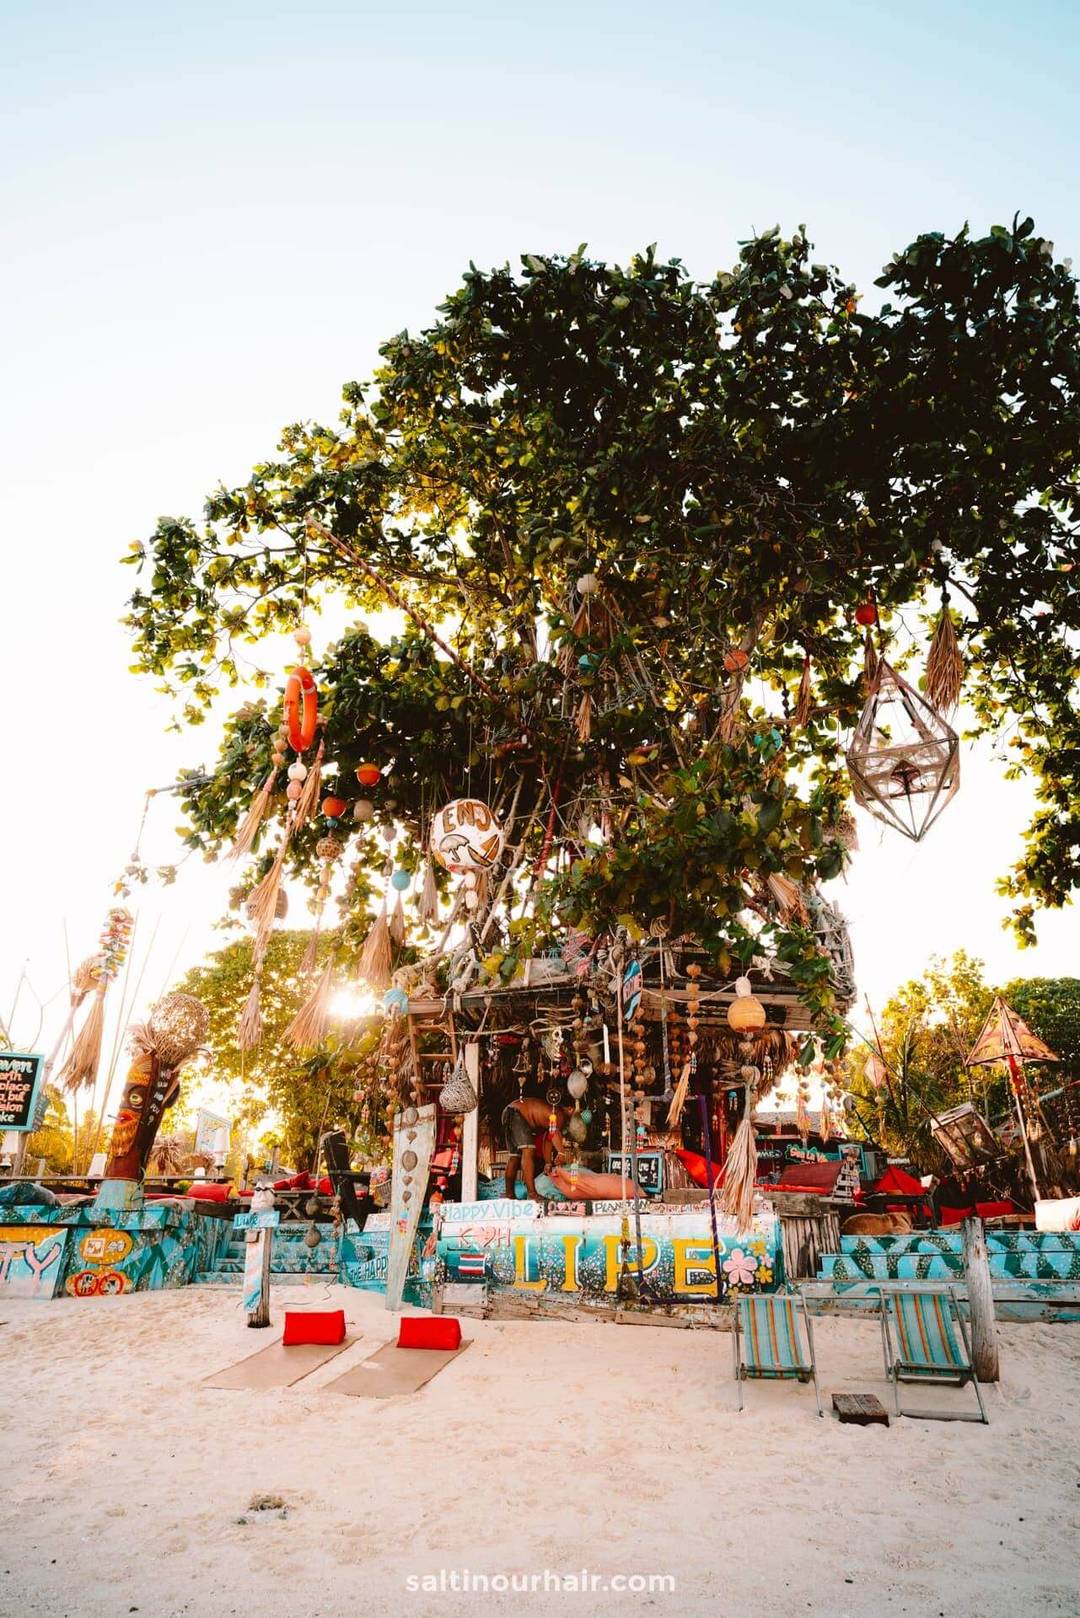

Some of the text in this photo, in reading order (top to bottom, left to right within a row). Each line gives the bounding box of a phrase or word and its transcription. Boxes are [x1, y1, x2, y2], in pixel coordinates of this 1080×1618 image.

[492, 1200, 535, 1218] Vibe
[279, 1227, 306, 1235] welcom
[364, 1255, 390, 1280] HAPP
[512, 1235, 724, 1298] LIPE
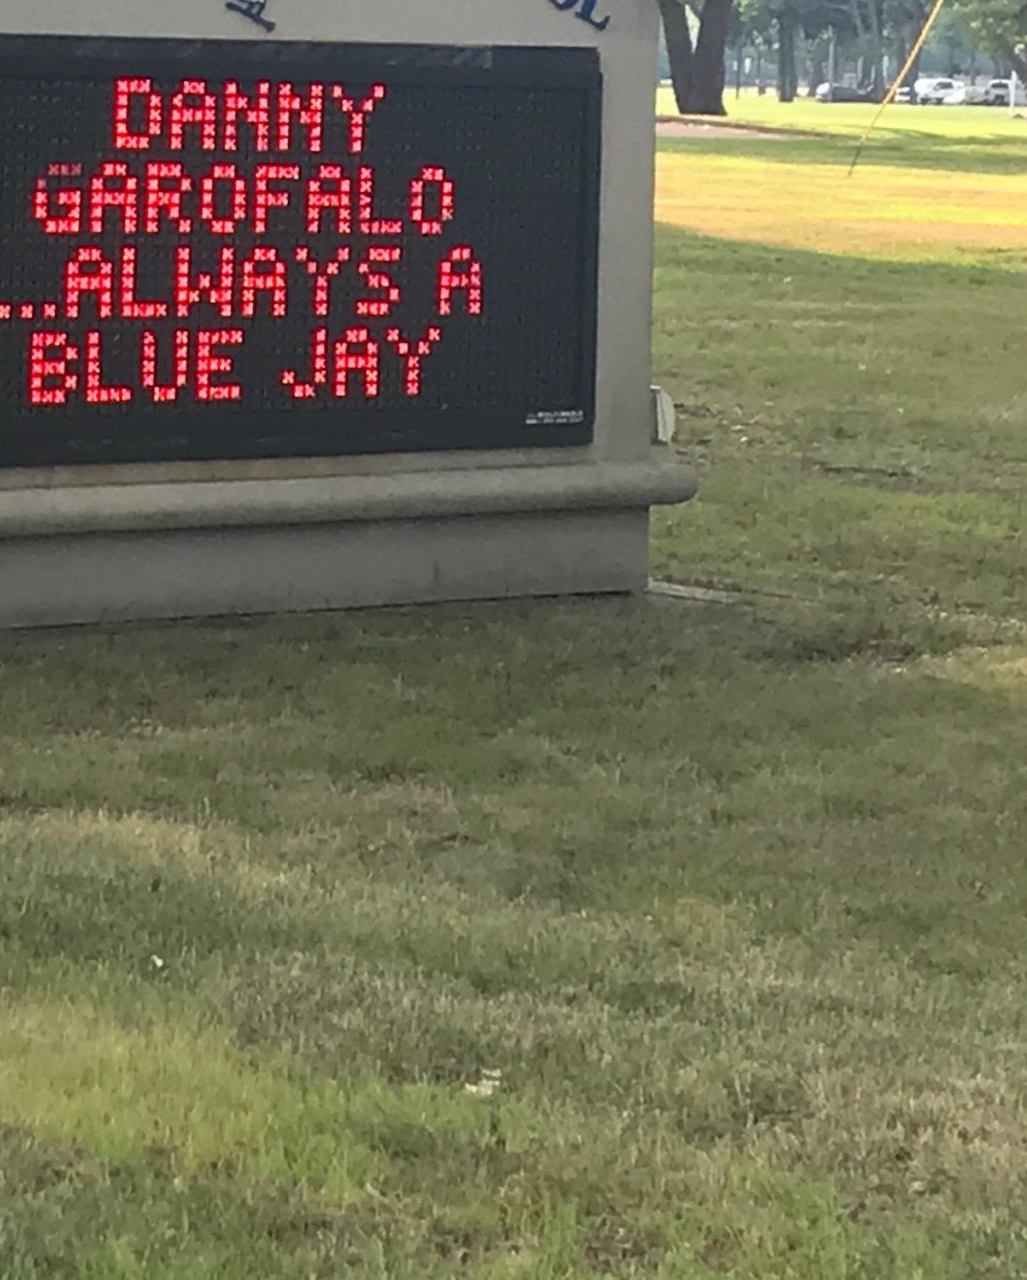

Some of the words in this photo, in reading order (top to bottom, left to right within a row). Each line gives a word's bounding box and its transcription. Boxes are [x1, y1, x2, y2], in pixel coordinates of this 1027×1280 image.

[114, 77, 385, 153] DANNY
[33, 162, 455, 235] GAROFALO
[437, 246, 483, 317] A
[29, 329, 244, 405] BLUE
[281, 327, 442, 399] JAY
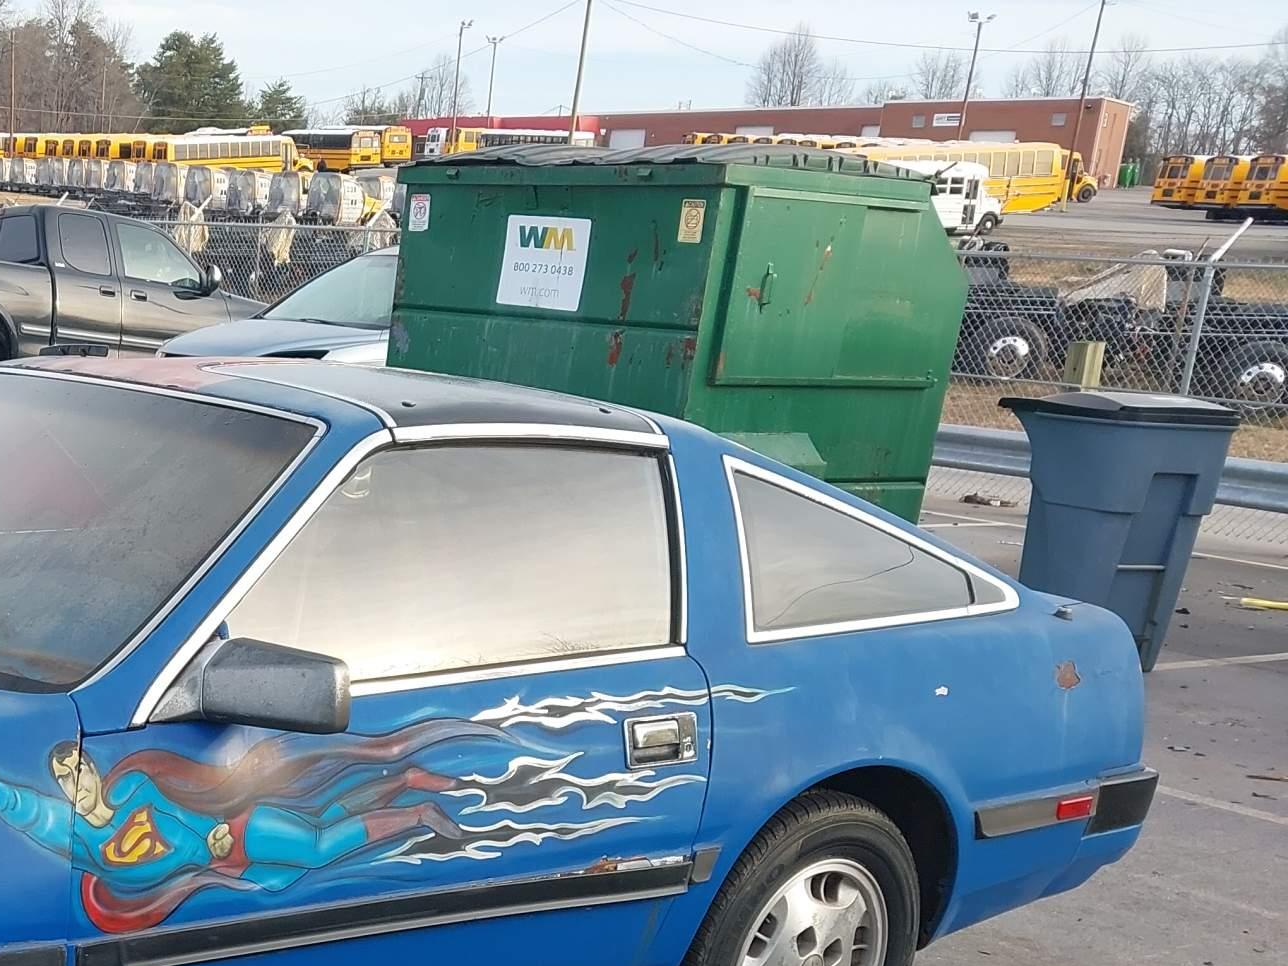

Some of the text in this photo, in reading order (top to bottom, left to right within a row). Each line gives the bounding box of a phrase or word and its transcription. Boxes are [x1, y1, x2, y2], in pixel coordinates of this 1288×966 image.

[519, 225, 576, 251] WM
[513, 262, 574, 276] 800 273 0438
[520, 286, 560, 298] wm.com
·····
Print out the whole of the material word for word, without pictures.

Some of the text in this photo, in reading order (top to bottom, left to right within a row). Each line gives the bounding box of a phrase or word and its transcription. Boxes are [x1, y1, x2, y2], in pixel coordinates of this 1080×1618 image.

[492, 1200, 535, 1218] Vibe
[279, 1227, 306, 1235] welcom
[364, 1255, 390, 1280] HAPP
[512, 1235, 724, 1298] LIPE

Some of the words in this photo, in reading order (top to bottom, left to right within a row). Each line gives a word's bounding box and its transcription. Boxes are [x1, y1, x2, y2], in pixel coordinates of this 1027×1280 image.

[114, 77, 385, 153] DANNY
[33, 162, 455, 235] GAROFALO
[437, 246, 483, 317] A
[29, 329, 244, 405] BLUE
[281, 327, 442, 399] JAY

Some of the text in this photo, in reading order (top to bottom, left to right within a row). Each line gives the bounding box of a phrase or word and its transcription. Boxes are [x1, y1, x2, y2], in pixel coordinates of this 1288×966 image.

[519, 225, 576, 251] WM
[513, 262, 574, 276] 800 273 0438
[520, 286, 560, 298] wm.com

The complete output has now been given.